Title: Geophysical Characterization of Lithology--Application to Subtle Traps: ABSTRACT

Author(s): Carl H. Savit, C. Wu

Article Type: Meeting abstract


Traps for oil or gas consist of a geologic material whose physical properties may differ from those above and around it. In its first half century, geophysical exploration by the reflection seismic technique was used to delineate the boundaries between subsurface materials of different properties. The technique could not discriminate between the properties on either side of those boundaries. If geologic information from nearby wells or from outcrop was absent, the wildcatter drilled blindly through trap boundaries in the hope of finding the right kind of material.

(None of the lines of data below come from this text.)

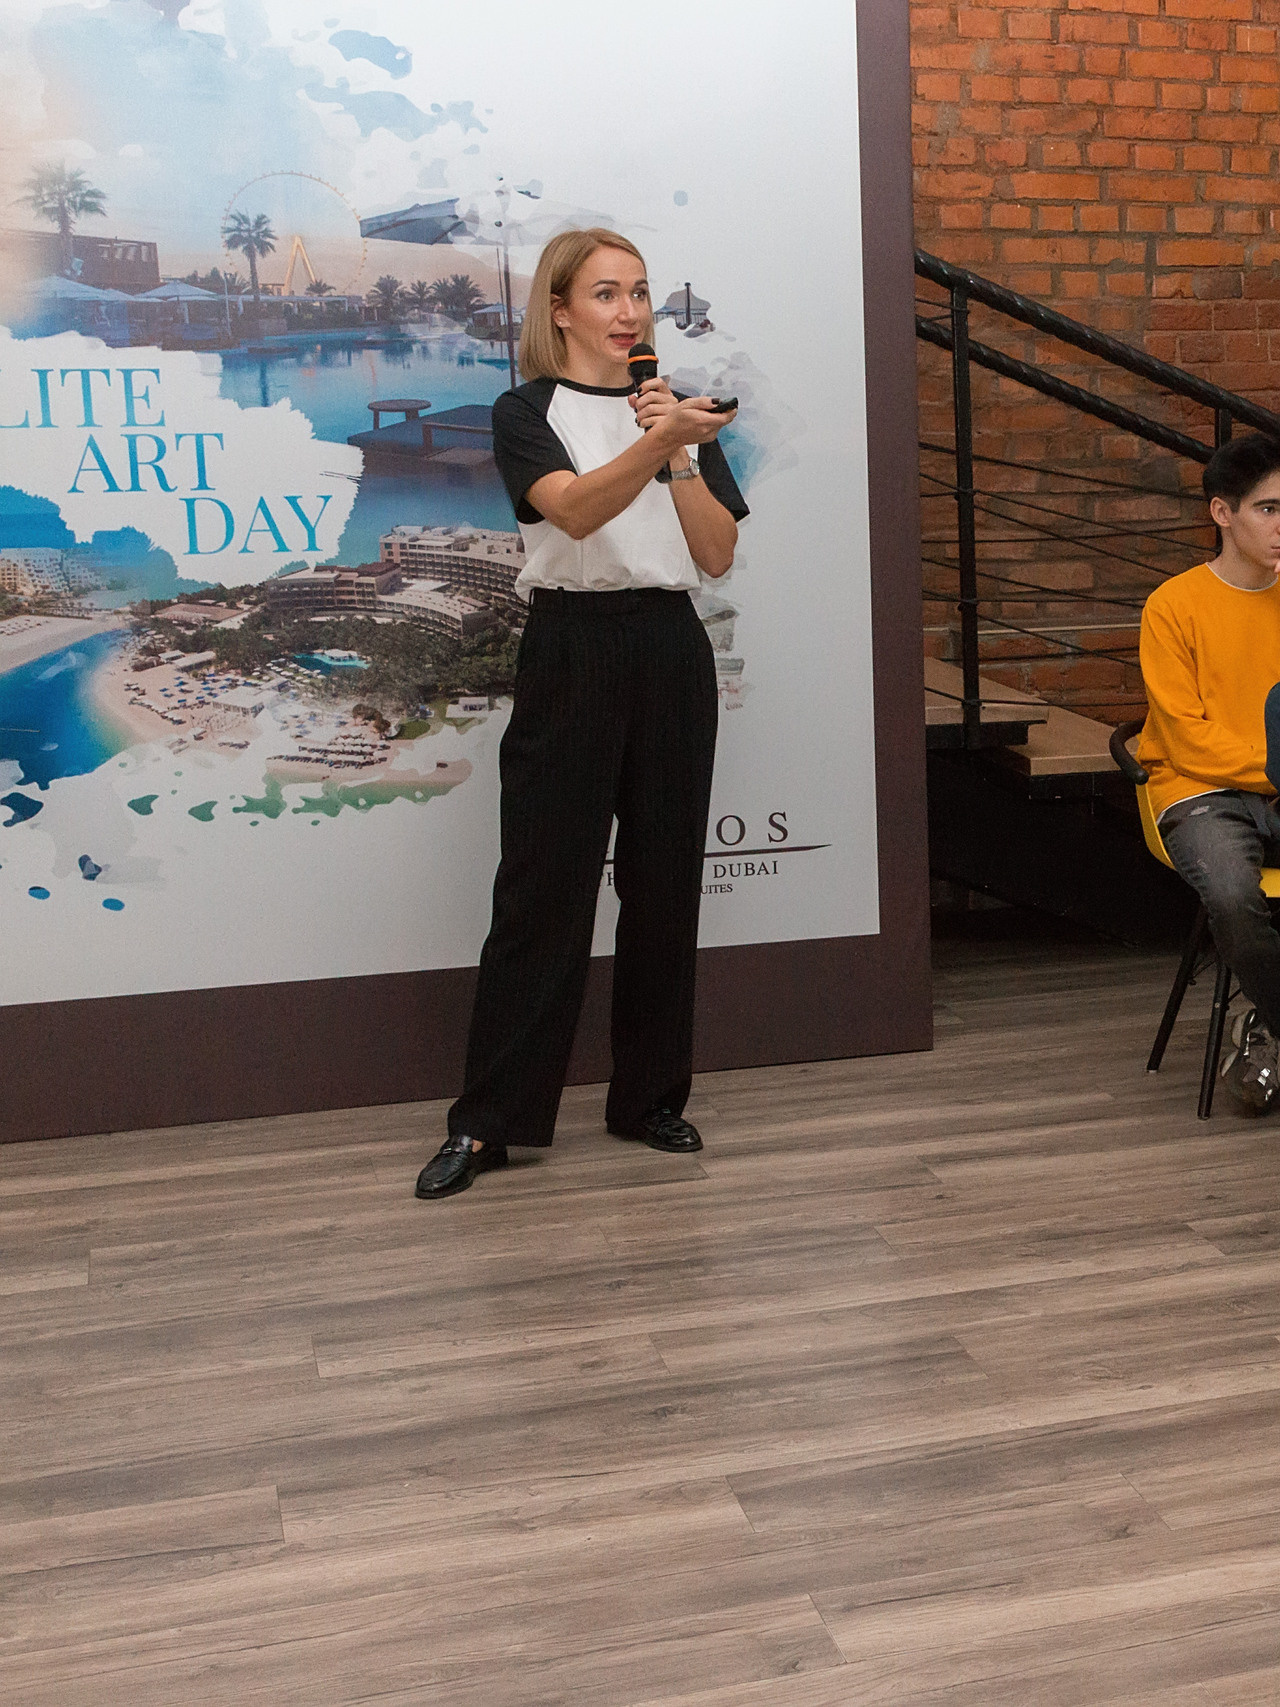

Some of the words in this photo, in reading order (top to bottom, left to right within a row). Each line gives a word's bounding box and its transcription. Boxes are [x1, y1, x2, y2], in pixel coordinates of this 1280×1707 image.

[67, 433, 224, 493] ART
[179, 495, 332, 555] DAY
[715, 811, 789, 846] OS
[713, 860, 779, 879] DUBAI
[700, 883, 733, 895] UITES
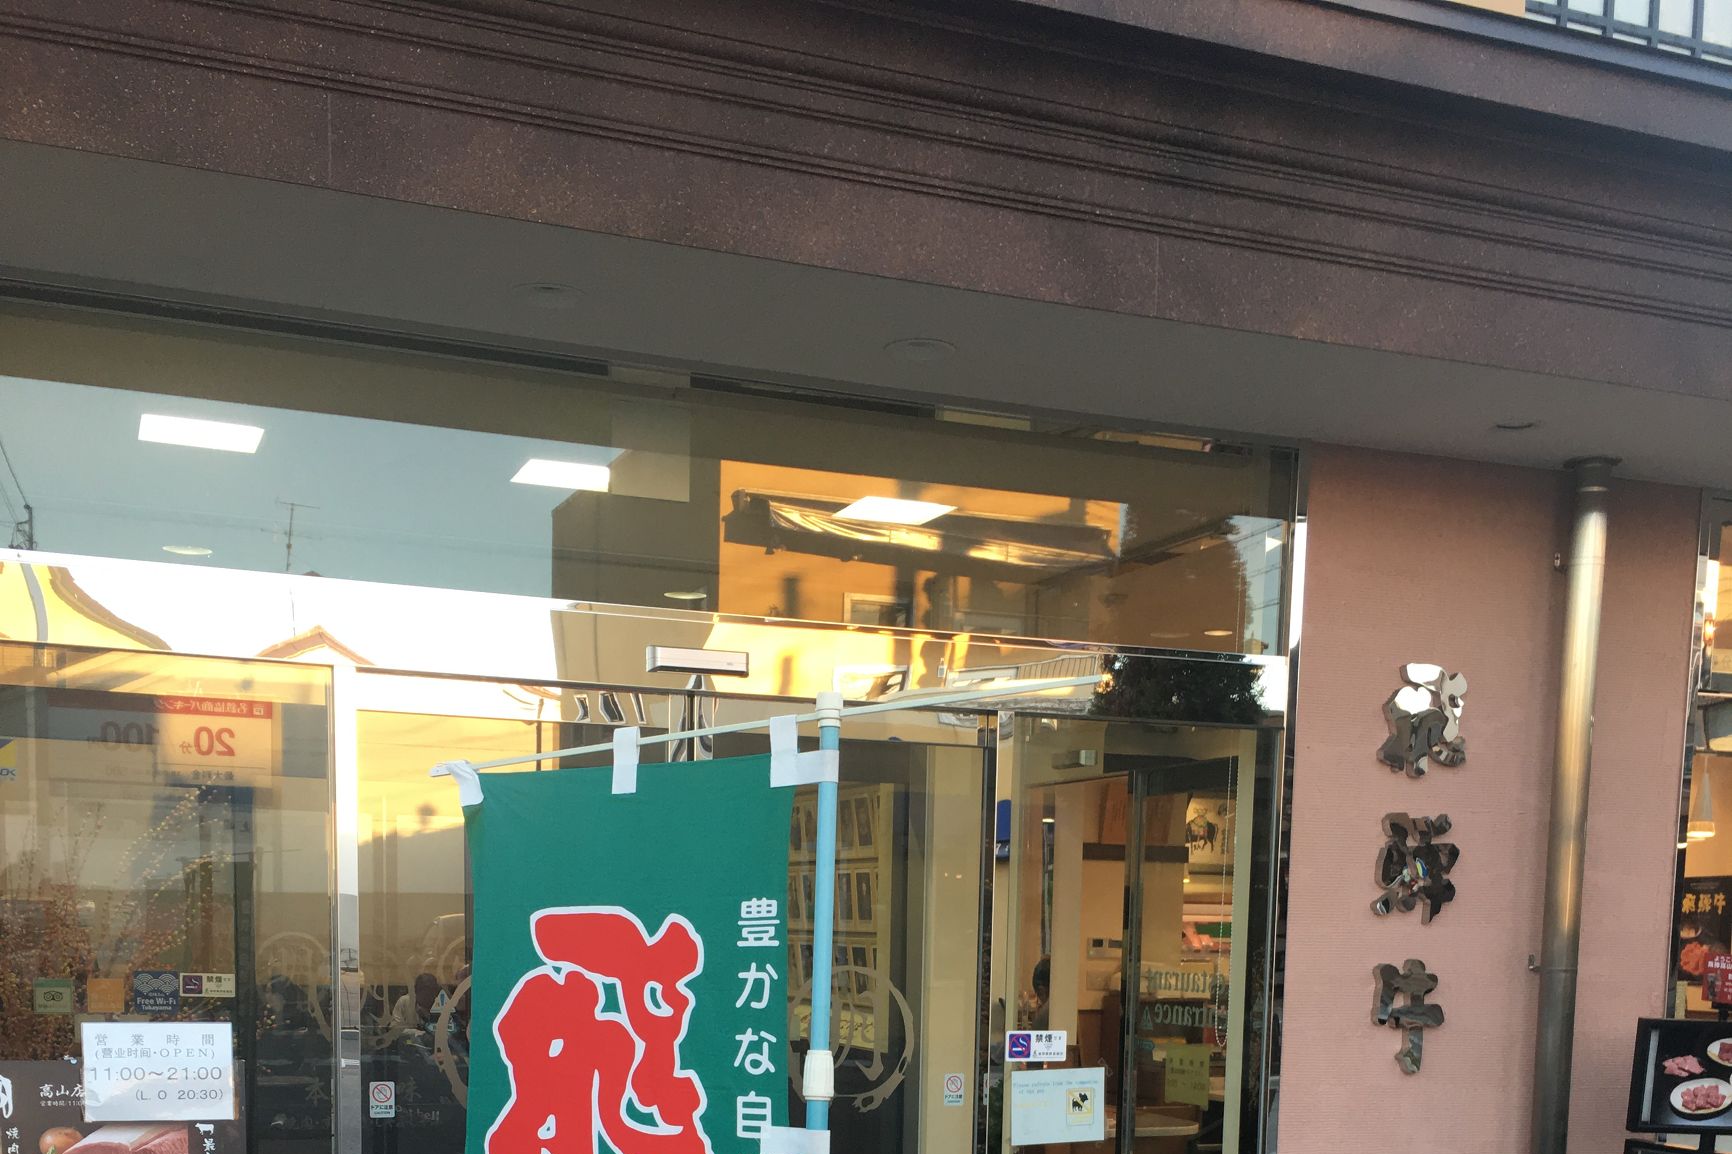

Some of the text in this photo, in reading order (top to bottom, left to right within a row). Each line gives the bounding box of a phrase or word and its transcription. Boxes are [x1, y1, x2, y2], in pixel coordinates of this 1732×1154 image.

[1369, 662, 1469, 1075] 飛騨牛
[1682, 892, 1726, 914] 飛騨牛
[137, 996, 177, 1005] Free Wi-Fi
[94, 1033, 215, 1046] 営業時間
[1035, 1034, 1053, 1043] 禁煙

Technology has advanced sufficiently that it is now possible to determine from seismic data at least one physical property of subsurface materials. That property is seismic velocity. Because seismic velocity generally decreases with increased porosity and because gas under pressure further decreases that velocity, it is now possible to define some non-structural traps and to identify some hydrocarbon accumulations.

Seismic velocity measurements displayed on computer-plotted cross sections in color, graphically identify a variety of subtle traps in many parts of the world. When applied to 3-D survey data the velocity methods can yield enough information to define all the boundaries of a hydrocarbon accumulation. The characteristic seismic velocites in a 3-dimensional subsurface block can most graphically be displayed as a motion picture depicting passage through the earth in selected directions.

New seismic techniques under investigation should make possible the simultaneous determination of additional physical properties so that even more subtle traps can be found.